Nous avons appliqué la doctrine interministérielle de port des protections. La crainte du gendarme, qui habite en caserne avec sa famille, est de lui transmettre le virus. Il a fallu apprendre à appliquer les gestes barrières, avant de porter un masque. En moyenne, chaque gendarme consomme un peu moins d'un masque et demi par semaine, avec de fortes disparités en fonction des régions. Tous les véhicules disposent d'un kit de protection à utiliser par les gendarmes s'ils se sentent menacés, mais porter un masque de manière préventive ne sert à rien : deux gendarmes portant un masque dans leur voiture, c'est ridicule ! La propagation du virus dans nos rangs est finalement faible.
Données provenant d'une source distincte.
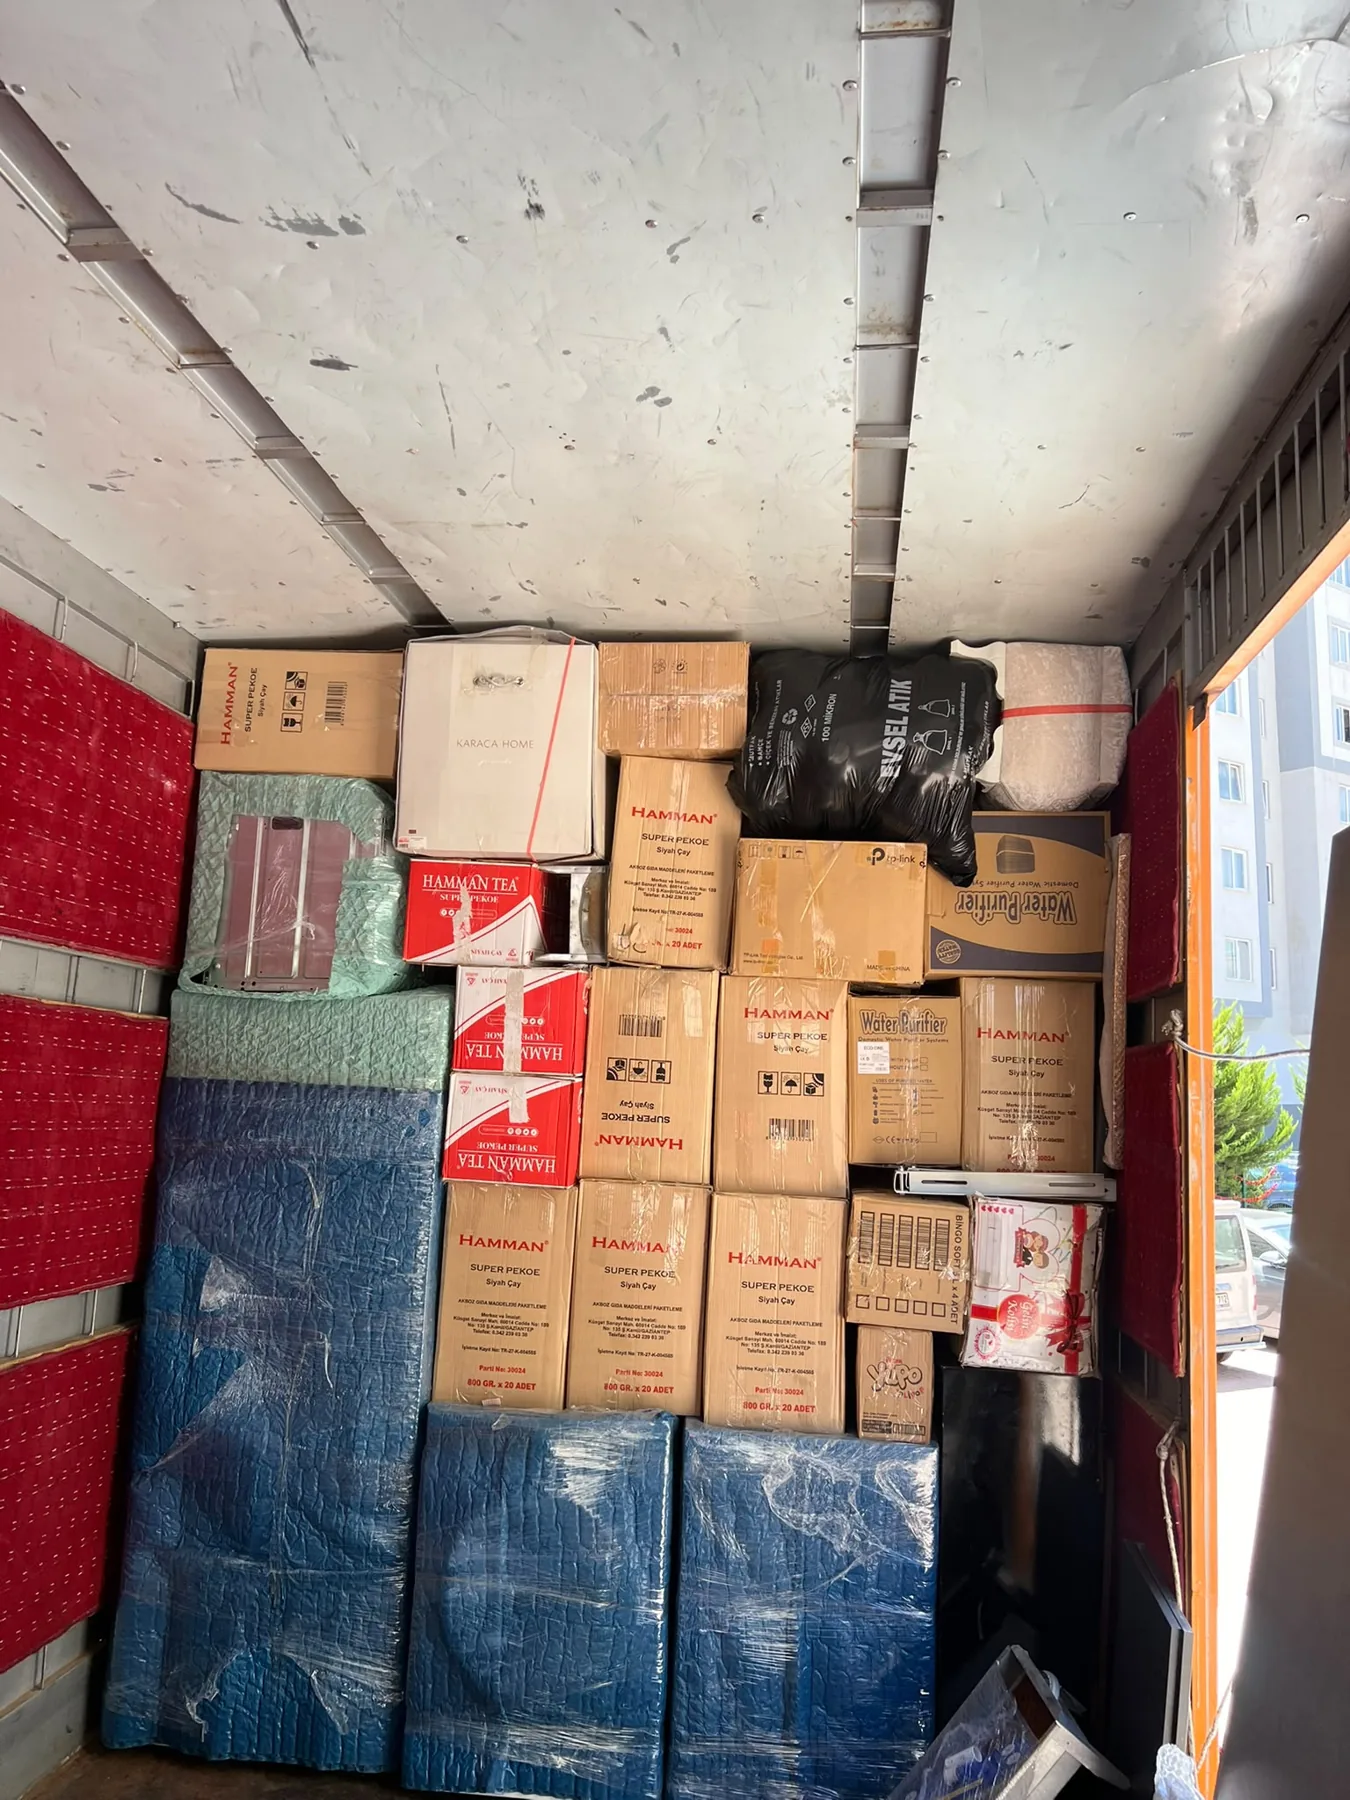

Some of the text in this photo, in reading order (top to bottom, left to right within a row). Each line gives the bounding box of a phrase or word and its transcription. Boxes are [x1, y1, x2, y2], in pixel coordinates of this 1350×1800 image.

Au 21 avril la gendarmerie a reçu 2,25 millions de masques : cela permet d'en disposer dans toutes les brigades, mais aussi de constituer des stocks. Nous avons expérimenté des équipements alternatifs : 48 250 visières en plexiglas, qui couvrent les yeux, le nez et la bouche, ont été distribuées et les retours sont excellents. Dans les locaux accueillant du public, des dispositifs en plexiglas ont été installés pour éviter toute contamination entre gendarmes et public. Nous avons multiplié par cinq les effectifs de la brigade numérique, qui permet aux citoyens de tchater avec les gendarmes et les sollicitations se comptent en dizaines de milliers.
Troisième ligne d'opération : le maintien de la cohésion interne et l'accompagnement du personnel. Le numéro vert créé pour toute question touchant les gendarmes et leurs familles a reçu quelques centaines d'appels. Nous envoyons chaque jour des directives opérationnelles et des points de situation et avons des échanges avec les commandants de groupement via la messagerie Tchap. Mes visioconférences avec les commandants de région associent les instances de concertation et les syndicats des personnels civils ; les échanges sont francs et directs. Ce dispositif sera conservé après la crise car il maintient l'état d'esprit et l'engagement.
Dernier point sur nos capacités d'adaptation : l'innovation est importante, nous l'avons démontré en fabriquant nos propres visières. Notre laboratoire projetable travaille à l'amélioration de notre capacité de dépistage, avec l'aide de la police nationale, qui nous a renforcés en matériel.
Les personnes fragiles ou vulnérables étant de plus en plus nombreuses, nous souhaitons sortir du périmètre de notre mission en faisant preuve de solidarité. J'ai demandé à mes commandants de groupement de se rapprocher des personnes âgées, des victimes potentielles de violences intrafamiliales, ou des soignants, qui sont en première ligne et ont besoin de tout notre soutien.
Nous avons monté une opération baptisée « Répondre présent », centrée sur la solidarité et la cohésion de la nation. L'objectif est de proposer une offre de sécurité sur mesure, sous l'autorité des préfets. Ainsi, en Corse, où les villages de montagne sont parfois difficiles d'accès, les gendarmes apportent les médicaments aux personnes âgées ; à Auxerre, un escadron livre des pizzas aux soignants. Dans plusieurs départements, nous avons lancé l'opération « Tranquillité seniors », qui vise à rassurer leurs familles. De telles initiatives permettent de renouer des liens, de créer de la solidarité, de reconquérir la confiance de la population.
Nous cherchons à accompagner les élus locaux dans la cybersécurité car les collectivités territoriales sont particulièrement vulnérables. Nos référents sûreté sont capables d'auditer un réseau et de conseiller un maire sur ce sujet.
Nous avons vraiment tout fait pour nous adapter et pour anticiper car nous aurons encore des combats à mener demain.